Ce serait un truisme de dire que les halles sont bruyantes : camions et “triporteurs” (appelés ici “tourettes”) transportant le poisson ajoutent leurs décibels aux vociférations des mille métiers se démenant dans toute “criée” du monde. Les Halles de Tsukiji sont aussi la caverne d’Ali-Baba du Japon pour les nourritures marines. Mais prenez garde! Elle sont si encombrée et tout le monde y est si affairé que s’y fait bousculer, voire rudoyer sans ménagement aucun, quiconque ne “dégage” pas assez vite. La plus grande prudence est donc de mise pour y déambuler.
Chaque nuit, à partir de onze heures du soir, c’est le train continu des arrivages par charges entières des poissons et coquillages. Pratiquement tout arrive par camion, bien qu’il se voit également des bateaux déchargeant sur des quais derrière les halles. Une fois déchargée, la marchandise passe aux mains de sept sociétés de gros régnant et se partageant le carreau des halles. Elles ont déjà passé des accords pour écouler la prise des sociétés de pêche. La loi d’airain régissant les transactions sur le carreau étant “Sokujitsu jojo, zenryo hanbai”, ce qui signifie que tous les produits marins doivent partir aux enchères le jour où ils sont déchargés. Ceci garantit aux pêcheurs leur revenu.
Il est 4h40 du matin et la cloche retentit. En différents emplacements de la criée, les commissaires habilités à travailler pour les grossistes commencent à lancer leurs appels d’offre aux intermédiaires, facteurs et commissionnaires. Ces intermédiaires occupent neuf cent vingt-neuf magasins sur la place. Chaque commissaire-priseur a un type bien défini de poisson à vendre et les commissionnaires et facteurs leur achètent ce qu’ils ont l’intention de vendre aux détaillants.

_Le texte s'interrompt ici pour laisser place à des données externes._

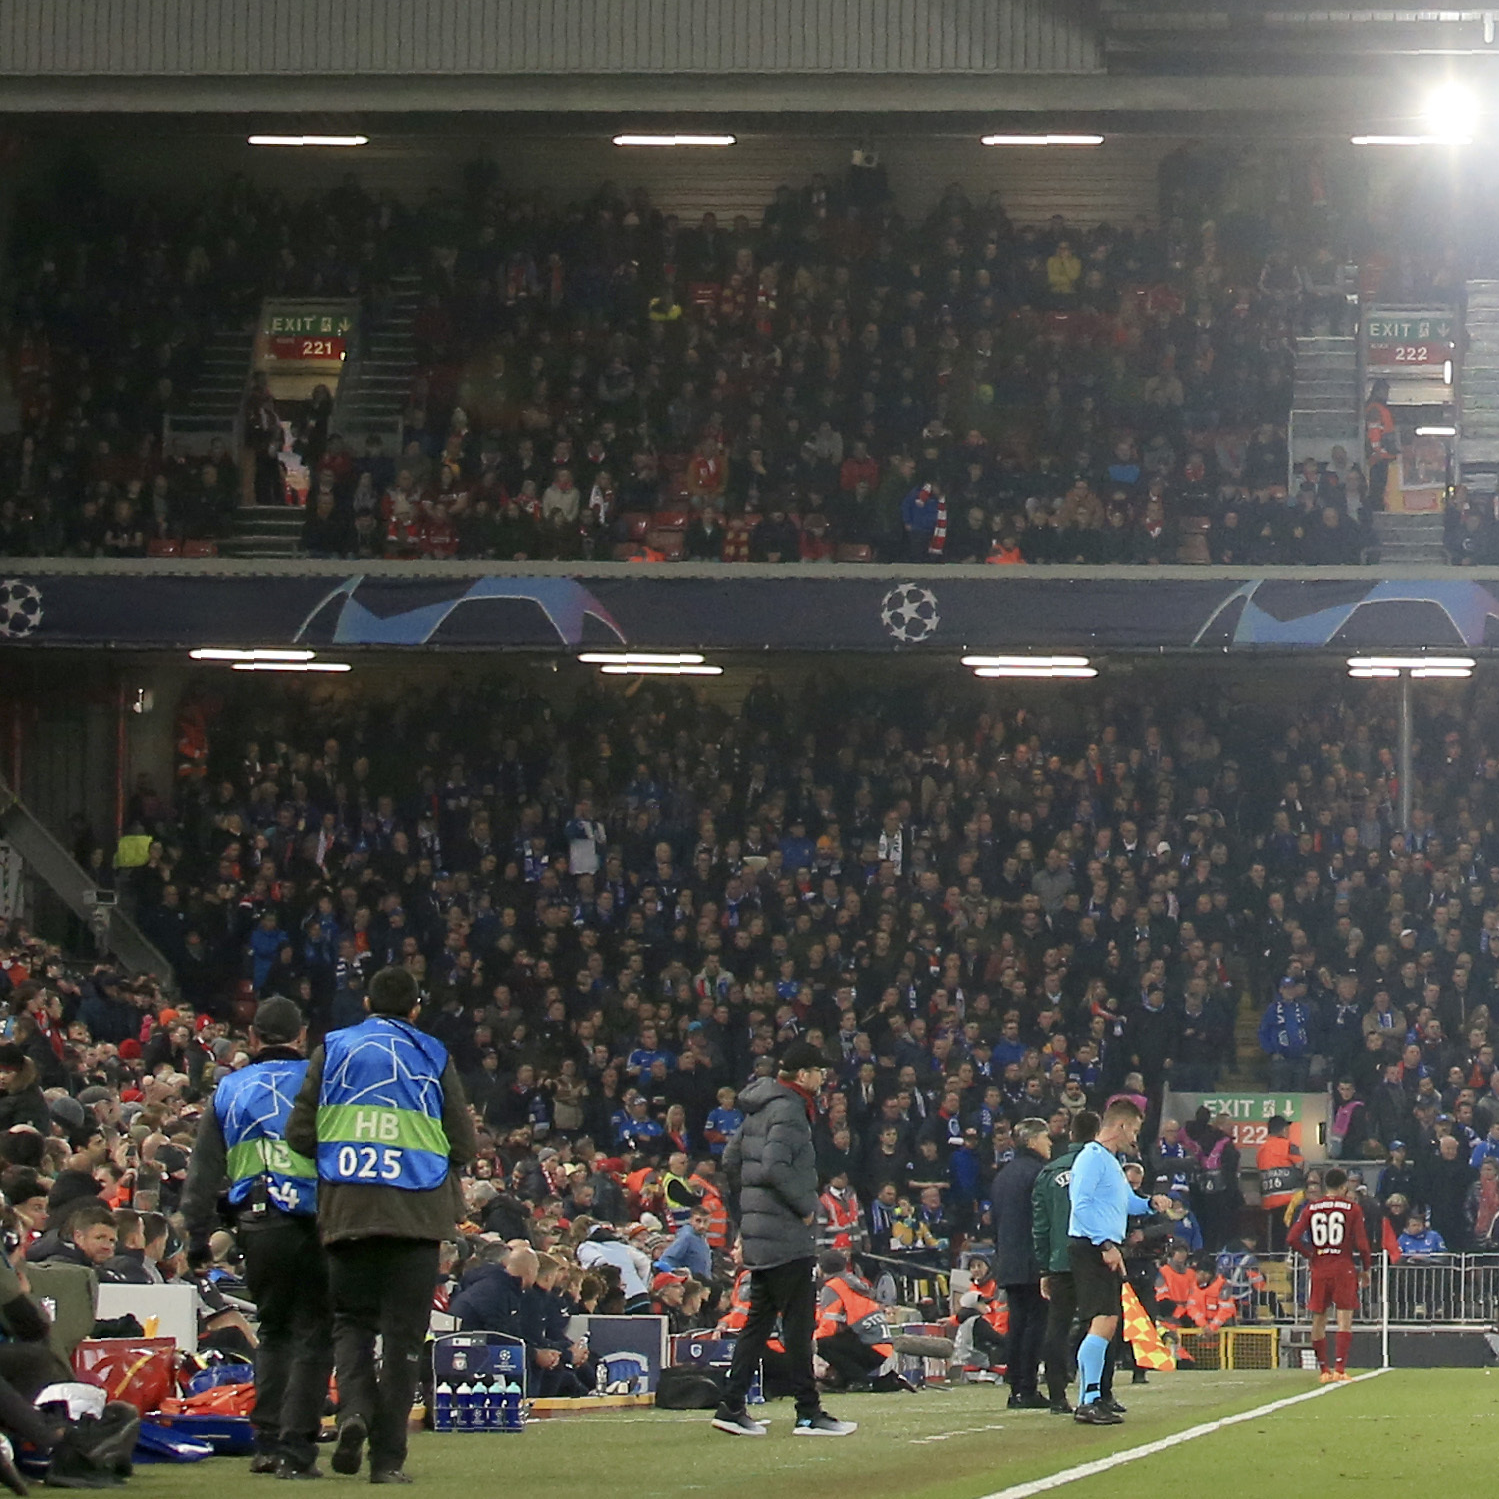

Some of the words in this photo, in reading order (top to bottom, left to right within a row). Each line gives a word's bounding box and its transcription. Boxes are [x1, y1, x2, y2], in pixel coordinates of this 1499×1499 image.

[271, 316, 314, 332] EXIT
[1369, 322, 1412, 338] EXIT
[303, 341, 333, 355] 221
[1395, 346, 1428, 361] 222
[1203, 1099, 1255, 1118] EXIT
[354, 1111, 400, 1141] HB
[338, 1146, 403, 1180] 025
[1310, 1210, 1346, 1247] 66
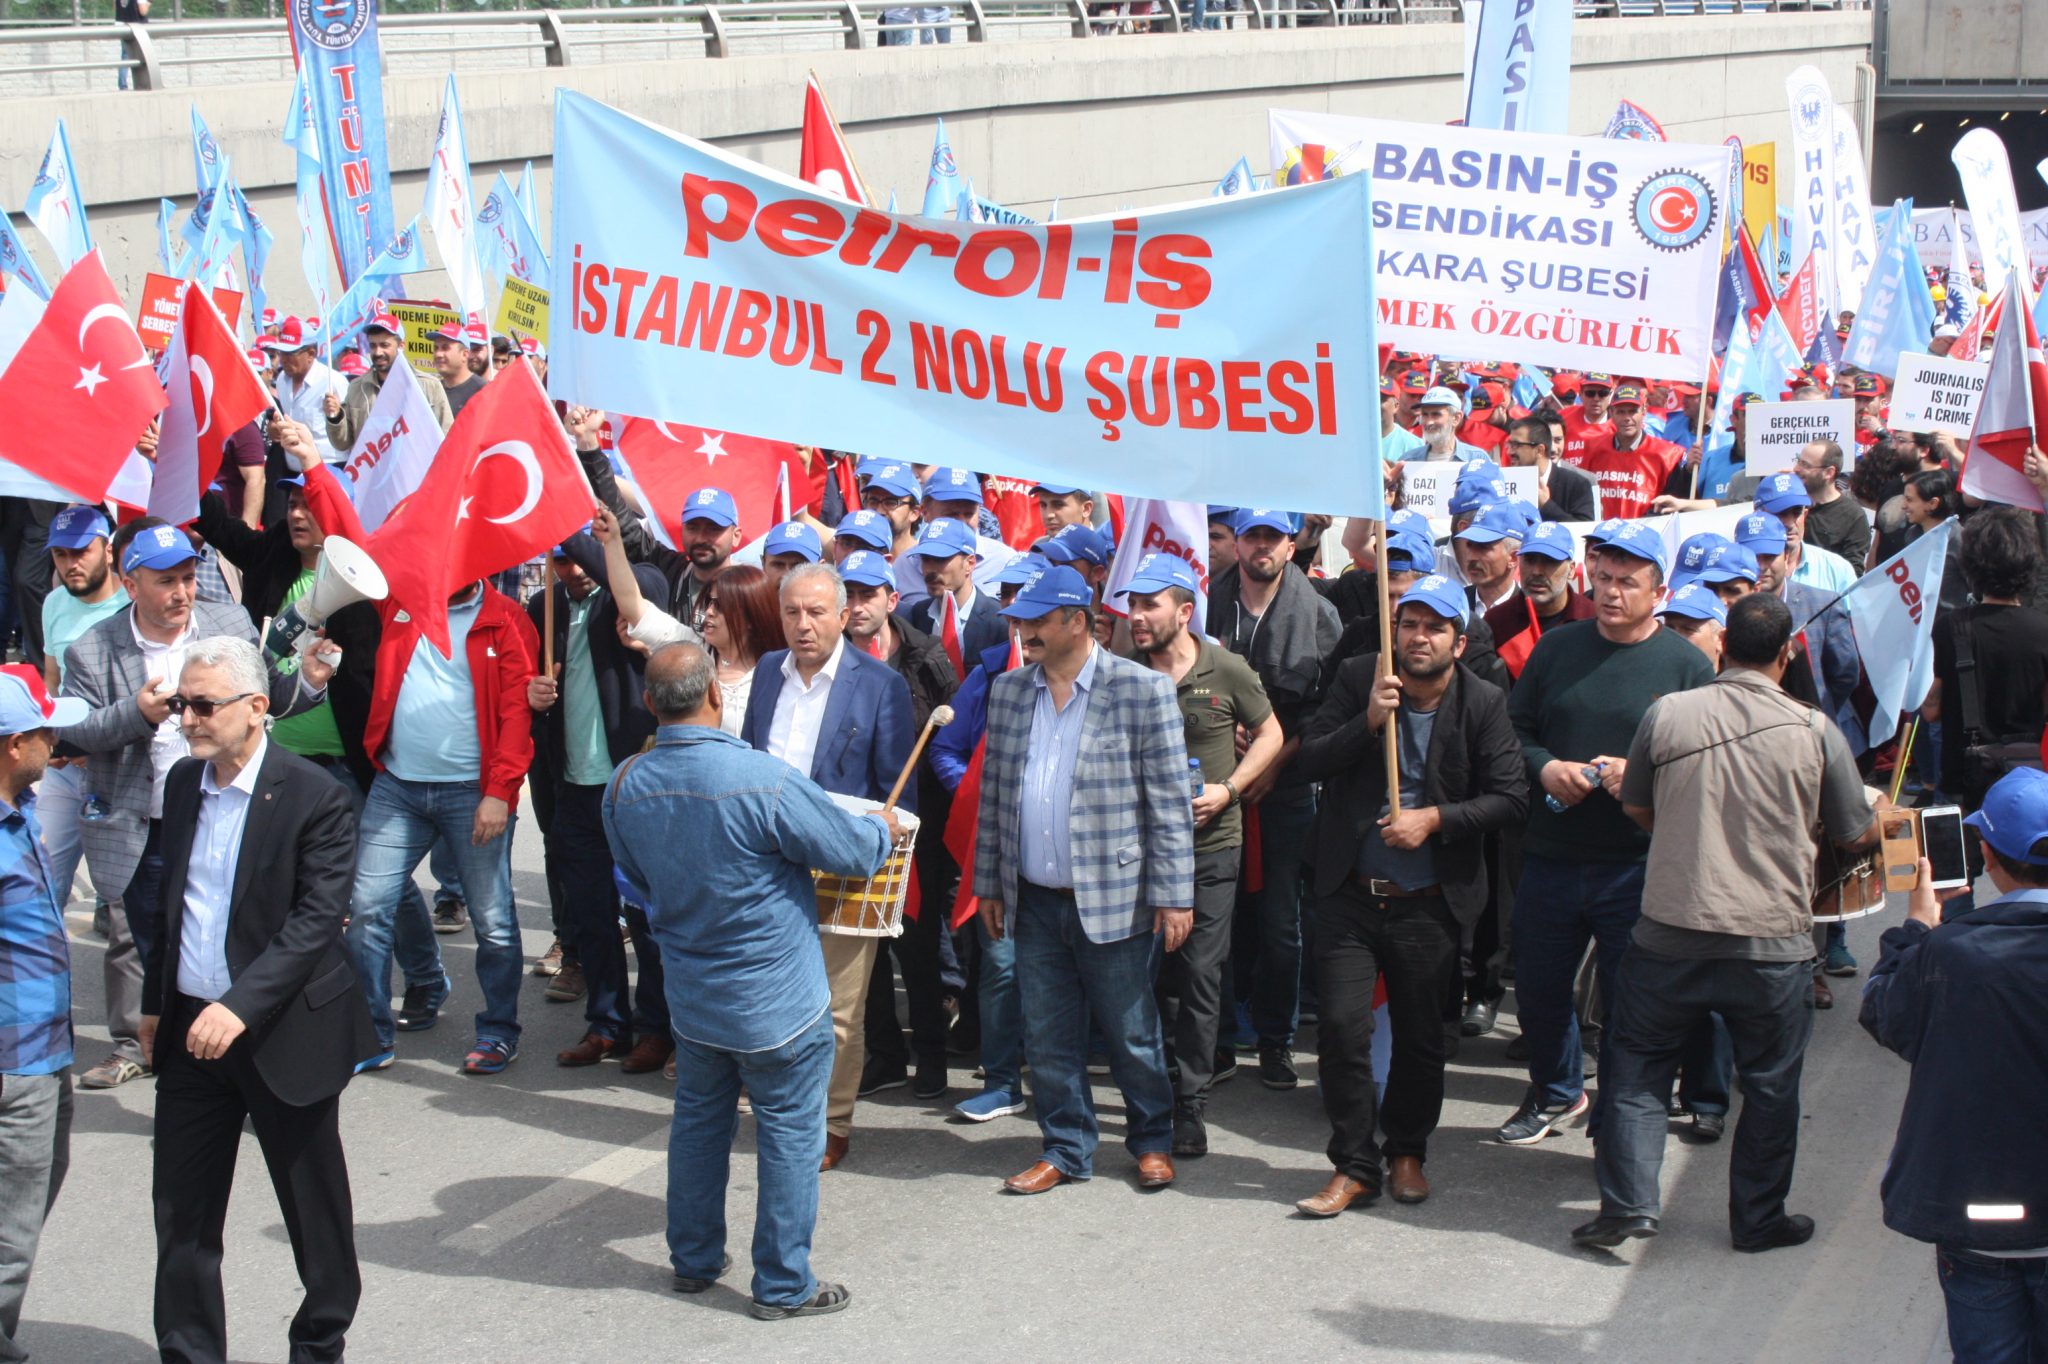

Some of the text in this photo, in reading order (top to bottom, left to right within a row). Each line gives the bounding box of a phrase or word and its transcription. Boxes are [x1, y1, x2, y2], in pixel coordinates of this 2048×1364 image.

[1372, 142, 1618, 209] BASIN-İŞ
[1372, 200, 1613, 248] SENDİKASI
[1655, 231, 1687, 244] 1952
[681, 171, 1213, 329] petrol-iş
[1376, 249, 1650, 301] KARA ŞUBESİ
[391, 309, 430, 323] KIDEME
[515, 299, 536, 314] ELLER
[1376, 297, 1684, 356] MEK ÖZGÜRLÜK
[572, 244, 1338, 442] İSTANBUL 2 NOLU ŞUBESİ
[1914, 370, 1984, 392] JOURNALIS
[1931, 389, 1971, 408] IS NOT
[1770, 415, 1830, 430] GERÇEKLER
[1923, 406, 1973, 426] A CRIME

Les commissaires veulent bien sûr écouler la marchandise au plus haut prix, et chacun possède ses méthodes pour installer au plus vite une atmosphère d’incitation aux achats. Soit qu’ils aient lancé le bruit, avant l’ouverture des enchères, qu’ils avaient “aujourd’hui” des articles “spéciaux” à vendre, soit que, transformés en derviches tourneurs par un curieux balancement extatique de tout le corps, ils psalmodient les numéros des bacs de poissons comme s’ils donnaient lecture de quelque texte saint. N’essayez donc pas de comprendre ce qui se dit, car seul le commissaire et les acheteurs s’y retrouvent. Certains commissaires — sans doute les plus doués — conjuguent rythme du corps et modulation de la voix pour immerger les intermédiaires dans une hypnose d’achat. Les acheteurs entrent alors en syntonisation sur le rythme quasi shamanique, les mieux-disants se contentant de faire fulgurer quelques doigts levés pour indiquer combien — encore un mystère, et des plus épais! — ils sont prêts à payer. La tête tourne, chaque lot part en moins de dix secondes, et chaque vente se clôture en cinq minutes environ, mais cela peut dépendre, bien sûr, des quantités plus ou moins grandes de lots alignés sur le carreau.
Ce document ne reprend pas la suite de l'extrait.